“There’s Always a Trade Off.” Student Documentary Shines Light on Controversial Lithium Mine

The Thacker Pass project has been criticized by local tribes, ranchers and environmentalists. But, the project has corporate and federal support, says student Gaia Osborne.

Electric vehicle sales are expected to grow significantly over the next decade, with Goldman Sachs estimating EVs will make up more than half of all global car sales by 2035. More electric vehicles on the roads means more batteries needed to power them.

Right now, lithium-ion batteries are the standard for electronic devices from smartphones to vehicles. Extraction of this metal is expected to grow tenfold over the next decade, according to one estimate. Millions of tons of this material lie underneath Nevada’s sea of sagebrush, and new lithium mines have been proposed to get the material.

Gaia Osborne is a graduate student at the Reynolds School of Journalism at the University of Nevada, Reno, who produced a mini-documentary looking at one of these mines, the Thacker Pass mining project in northern Nevada. The Sierra Nevada Ally’s Noah Glick recently sat down with Osborne to talk about the film, the mine and the people fighting it. 

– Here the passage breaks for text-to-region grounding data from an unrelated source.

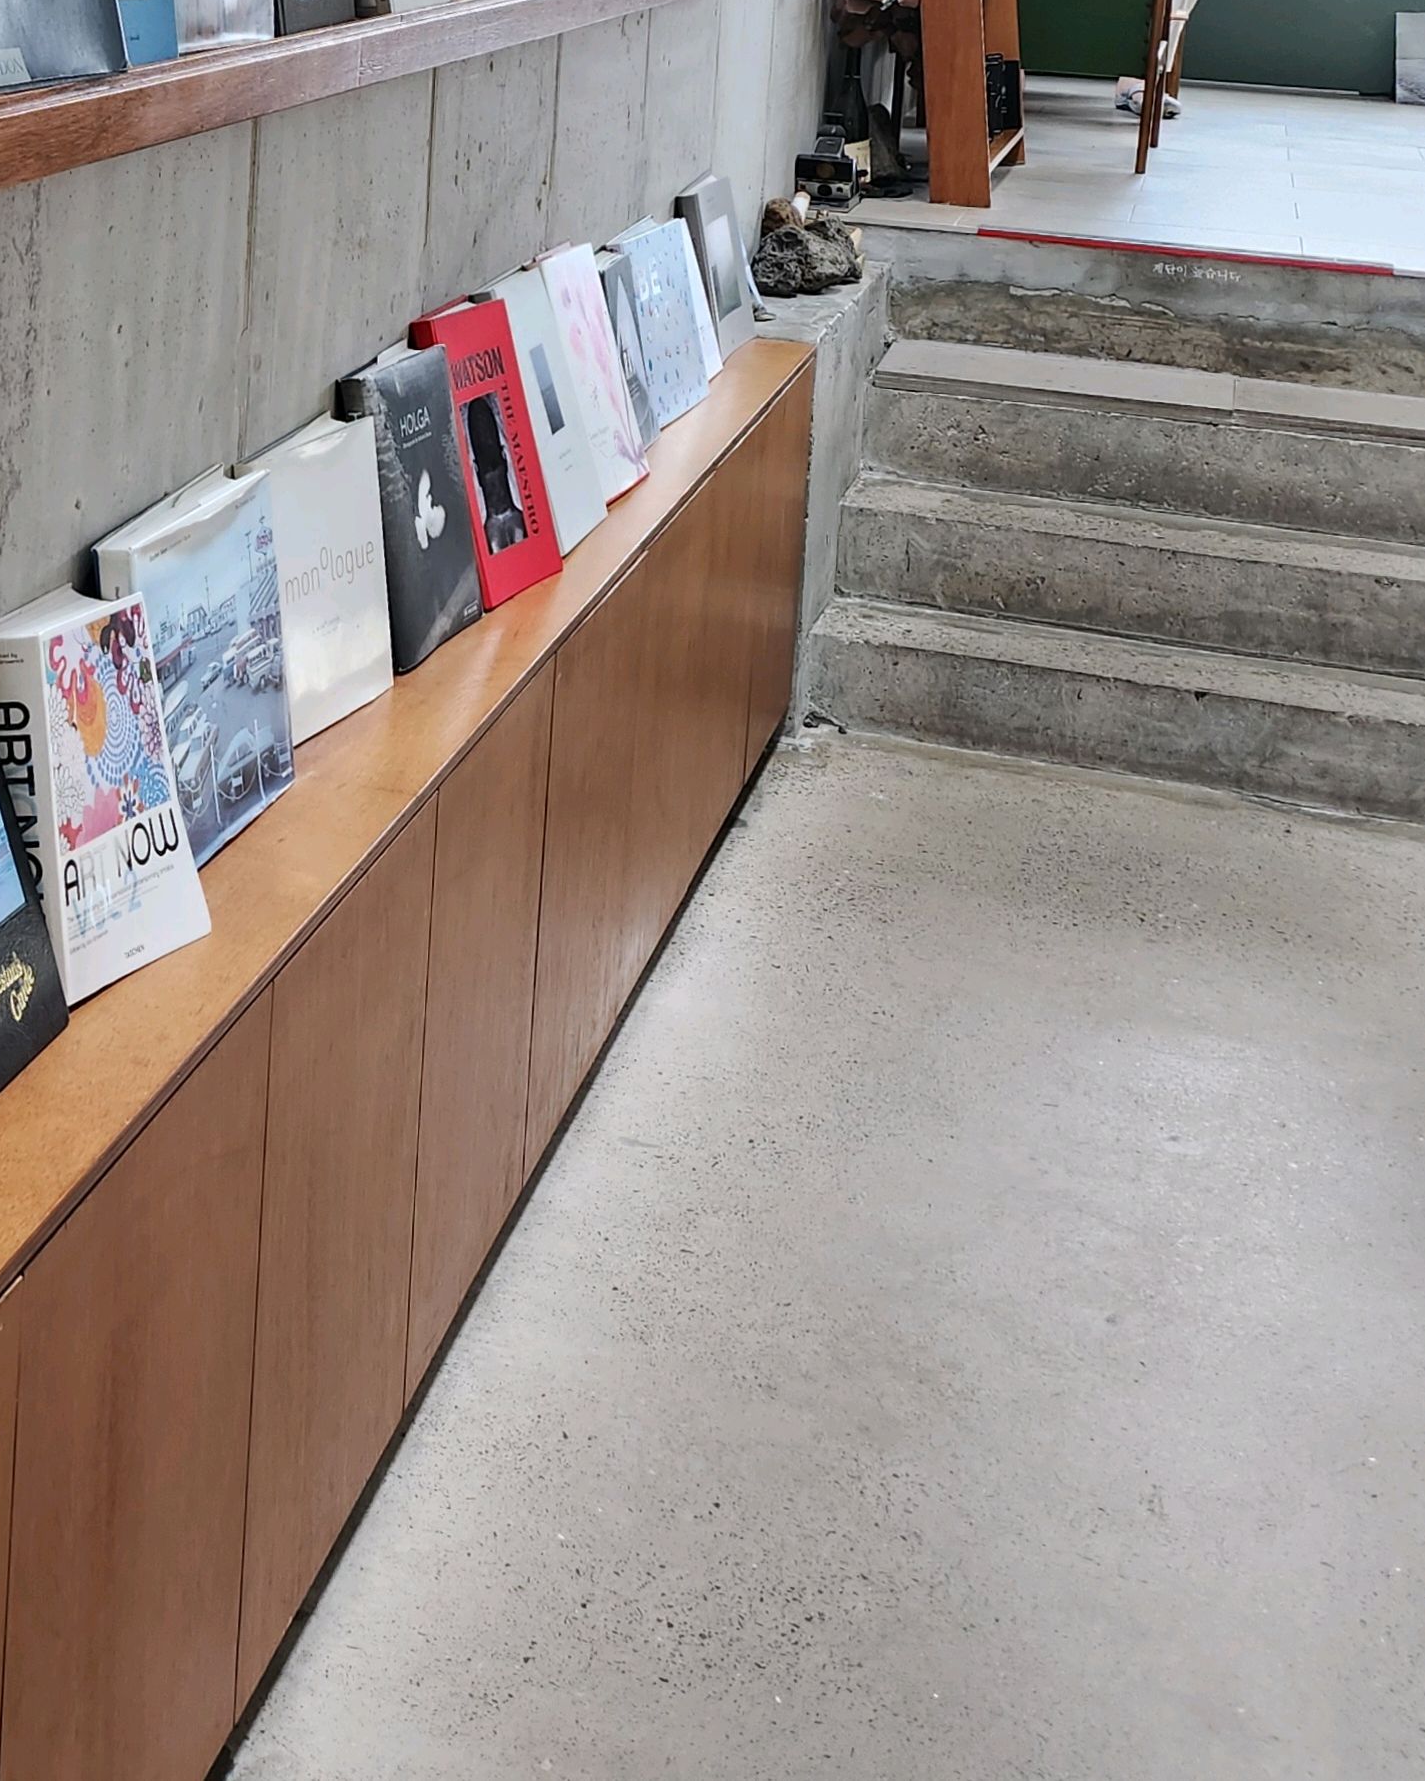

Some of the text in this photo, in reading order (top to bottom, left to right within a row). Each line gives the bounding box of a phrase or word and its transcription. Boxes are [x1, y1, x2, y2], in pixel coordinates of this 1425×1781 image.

[450, 345, 505, 392] WATSON
[399, 406, 432, 438] HOLGA
[64, 843, 108, 907] ART
[114, 807, 179, 878] NOW
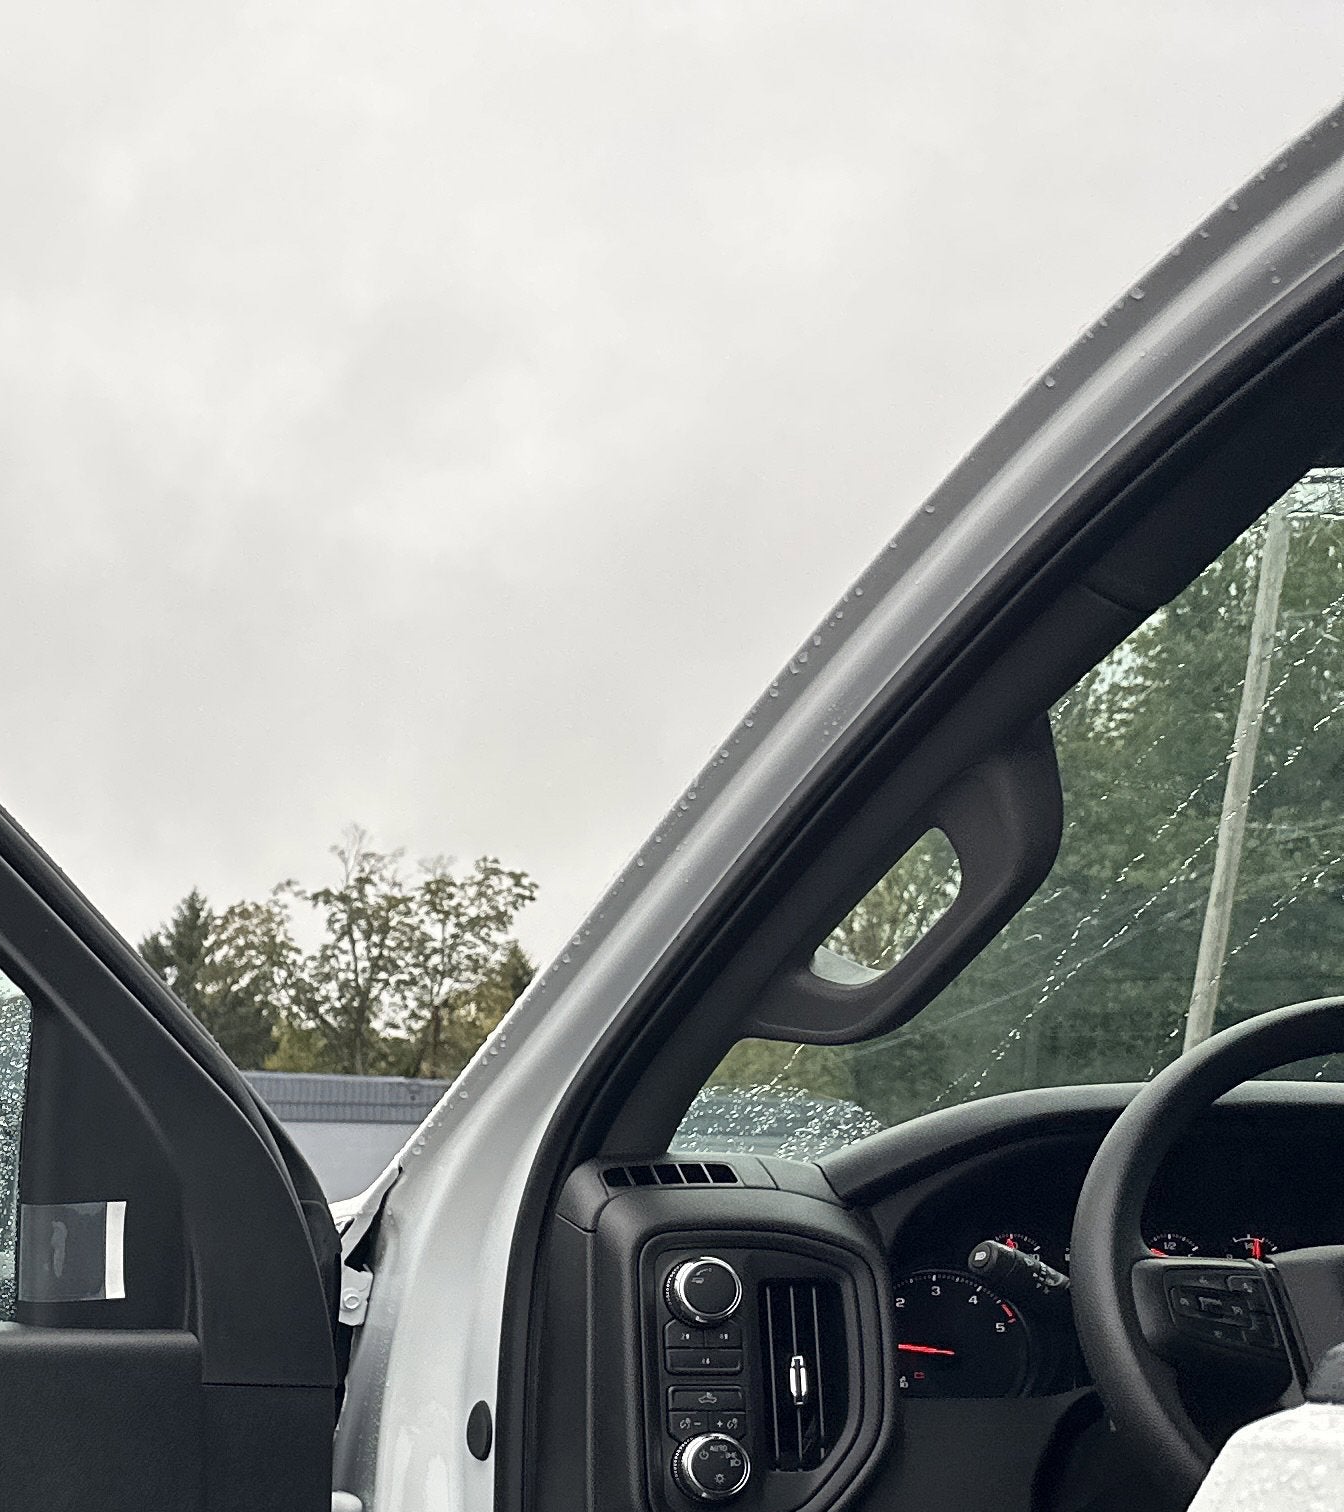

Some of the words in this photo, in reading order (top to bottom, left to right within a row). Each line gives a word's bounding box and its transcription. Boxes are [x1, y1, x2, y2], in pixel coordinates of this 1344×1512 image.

[930, 1285, 941, 1296] 3
[895, 1297, 906, 1308] 2
[968, 1295, 978, 1305] 4
[995, 1322, 1006, 1333] 5
[709, 1444, 728, 1452] AUTO

Noah Glick: Tell me a little bit about the project. Where did the idea come from and what is in the film?

Gaia Osborne: It was my first semester as a journalism graduate student and I’d never really done any video projects before. We had a filmmaking class and my professor said to us at the beginning of the semester to pick a topic that’s two sided. It has to have two obvious sides. And you’re going to use the rest of the semester to make a video around it, a short video. 

I was looking on the news, because I wanted it to be local, to make it easier for the documentary to be produced. And at the time, this was September last year, there wasn’t too much in the news about the Thacker Pass mine. There were a few stories here and there, but they still hadn’t started construction fully. And I was like, ‘Well, this is a very obvious story with two completely opposing sides. What better story to do for my video? It’s local, it affects people from around the region, as well as just our state.’ 

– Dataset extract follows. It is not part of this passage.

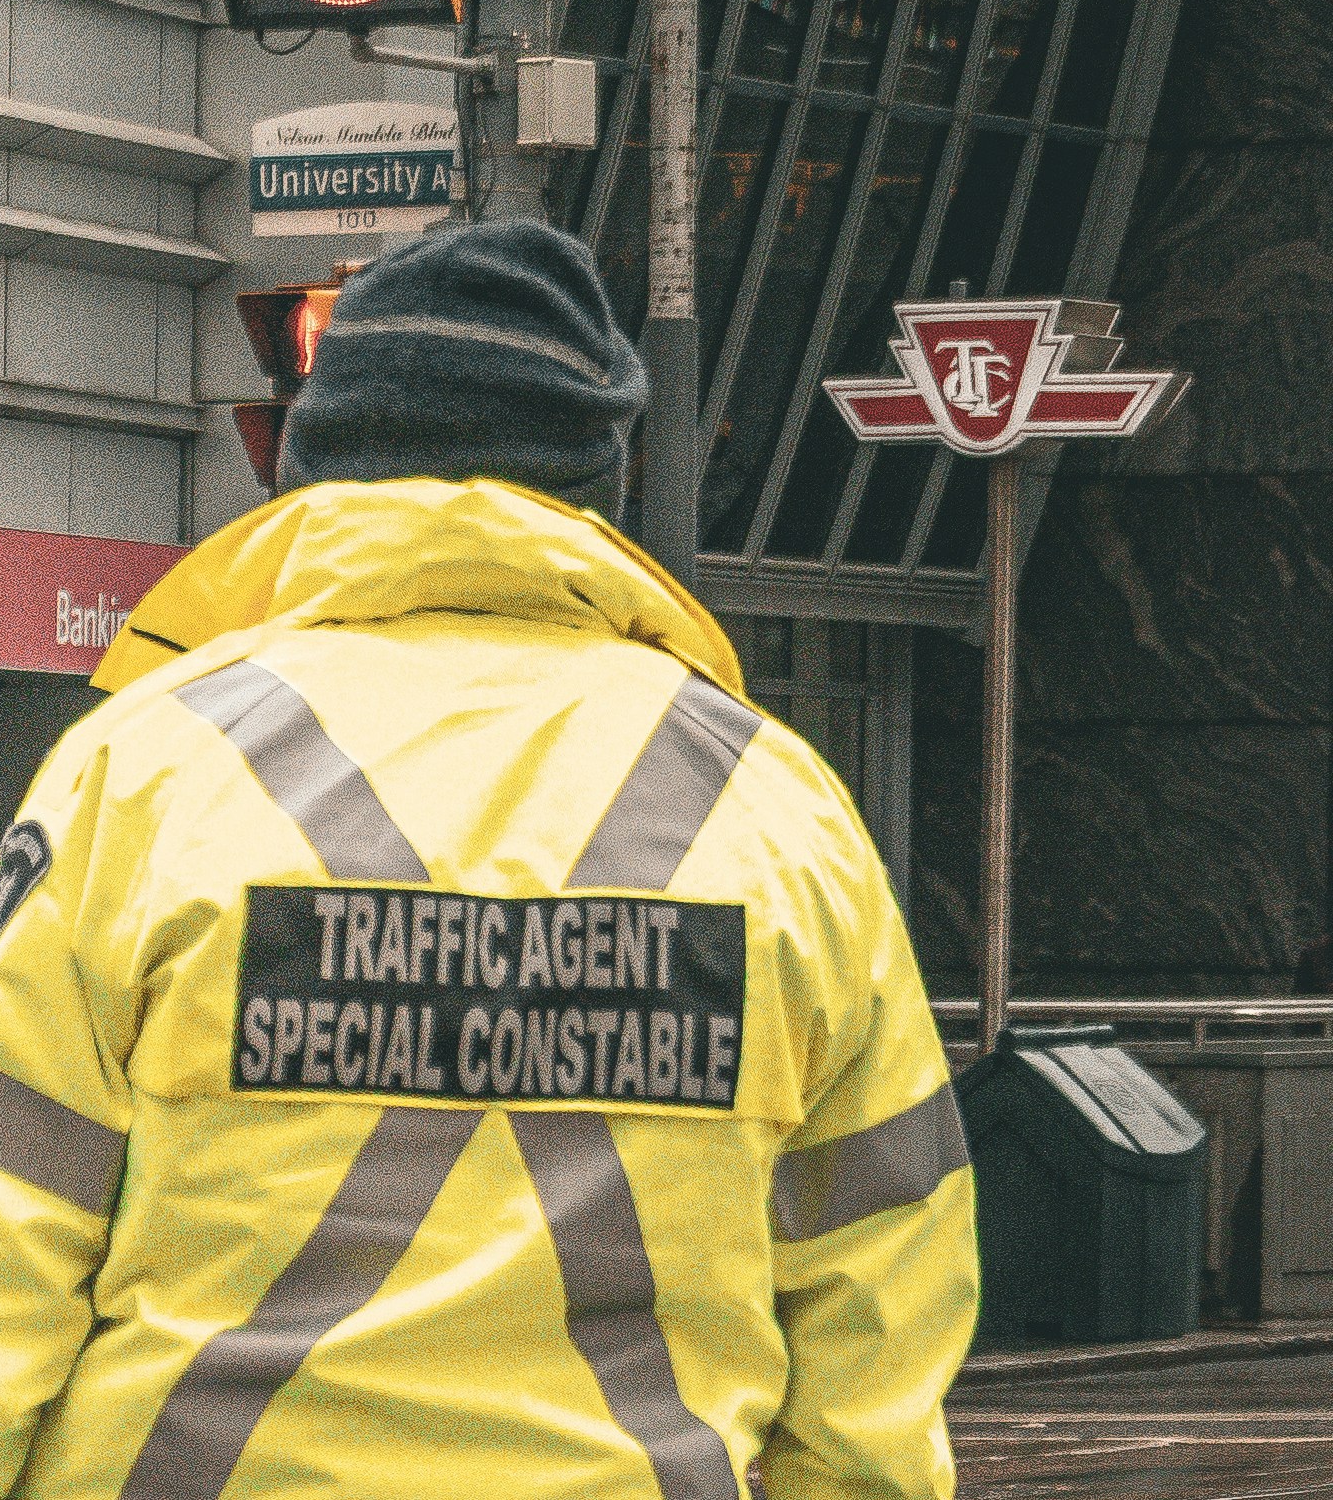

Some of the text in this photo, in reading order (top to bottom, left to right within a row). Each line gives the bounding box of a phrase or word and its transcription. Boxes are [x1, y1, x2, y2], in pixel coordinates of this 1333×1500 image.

[259, 157, 421, 200] University
[337, 210, 377, 229] 100
[314, 893, 679, 990] TRAFFIC AGENT
[239, 996, 739, 1102] SPECIAL CONSTABLE

It’s an important topic and I wanted to make sure that more people were aware of it. Definitely more people are aware of it now than they were a year ago, but it’s still probably underreported.

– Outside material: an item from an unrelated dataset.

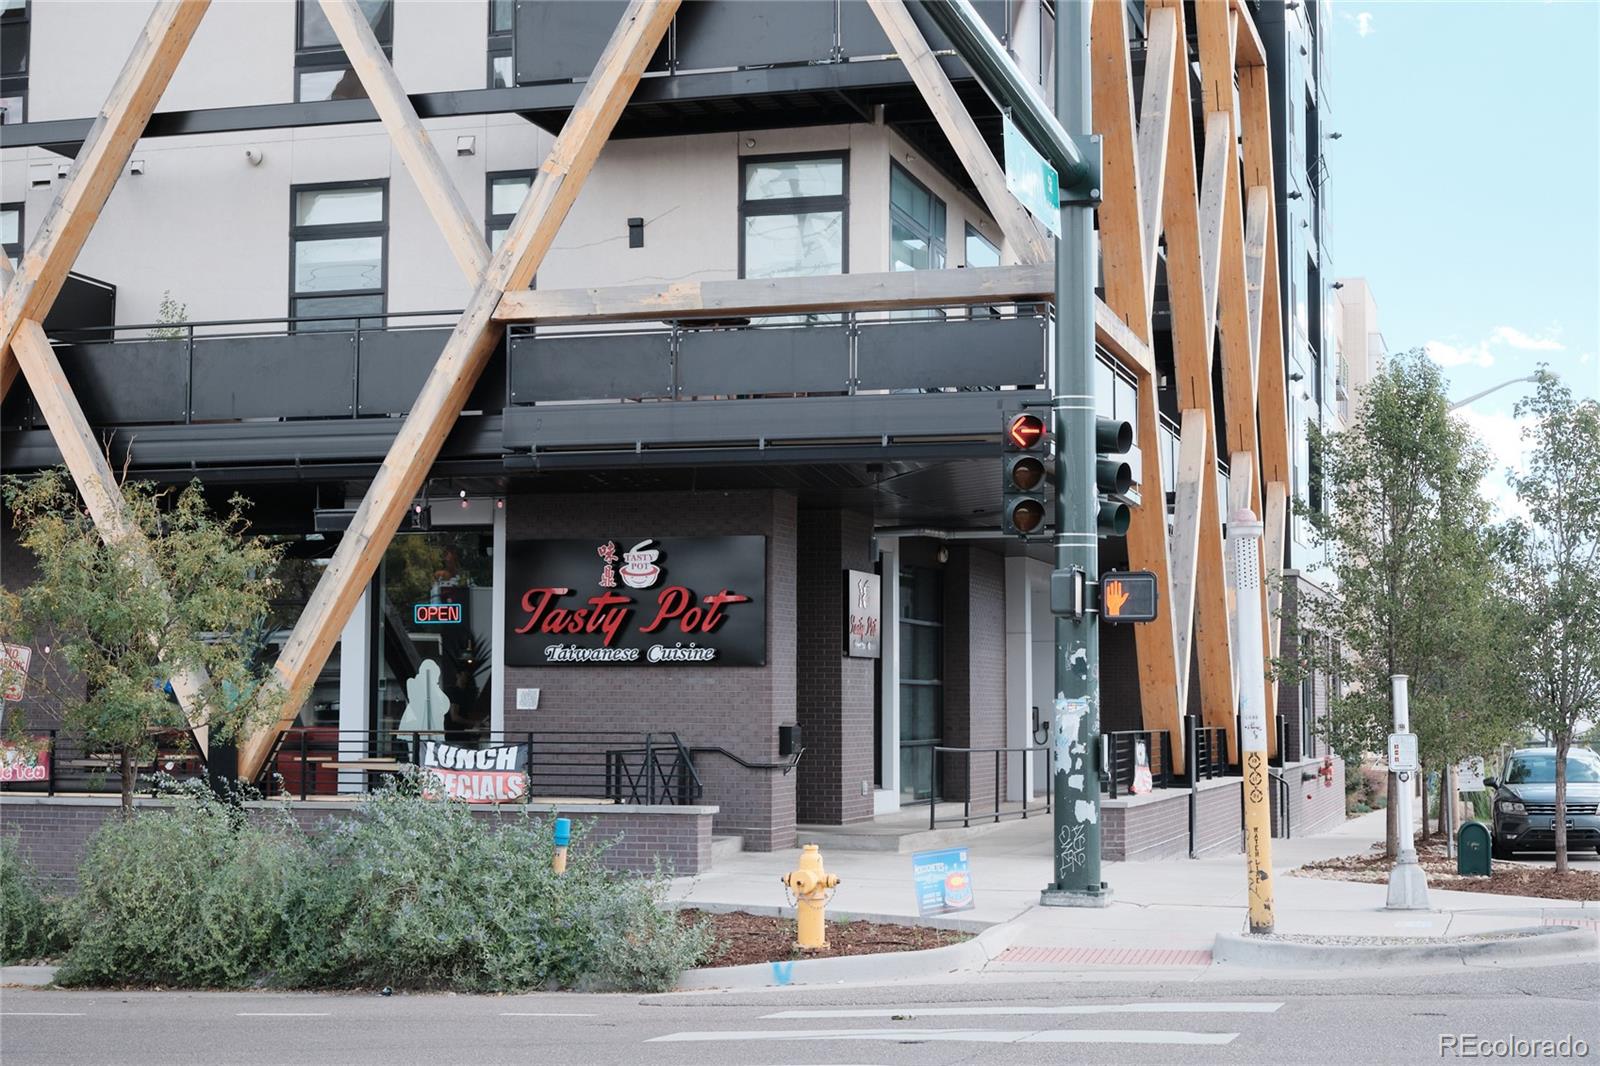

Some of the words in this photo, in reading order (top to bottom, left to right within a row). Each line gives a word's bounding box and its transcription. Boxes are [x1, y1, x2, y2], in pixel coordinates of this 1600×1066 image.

A map showing the size and impact of the proposed Thacker Pass lithium mine
Courtesy of Lithium Americas

You mentioned the two competing sides or two arguments, so let’s just lay it out. What are the two sides, or the two arguments? What are you hearing from people who are in favor of the mine? And what are people saying who are against the mine?

Yeah, it’s definitely a very polarizing debate. Most people are either for or against it. There’s a few people in the middle, like one of the people that I interviewed for my documentary. But most people are either on one side or the other, for or against.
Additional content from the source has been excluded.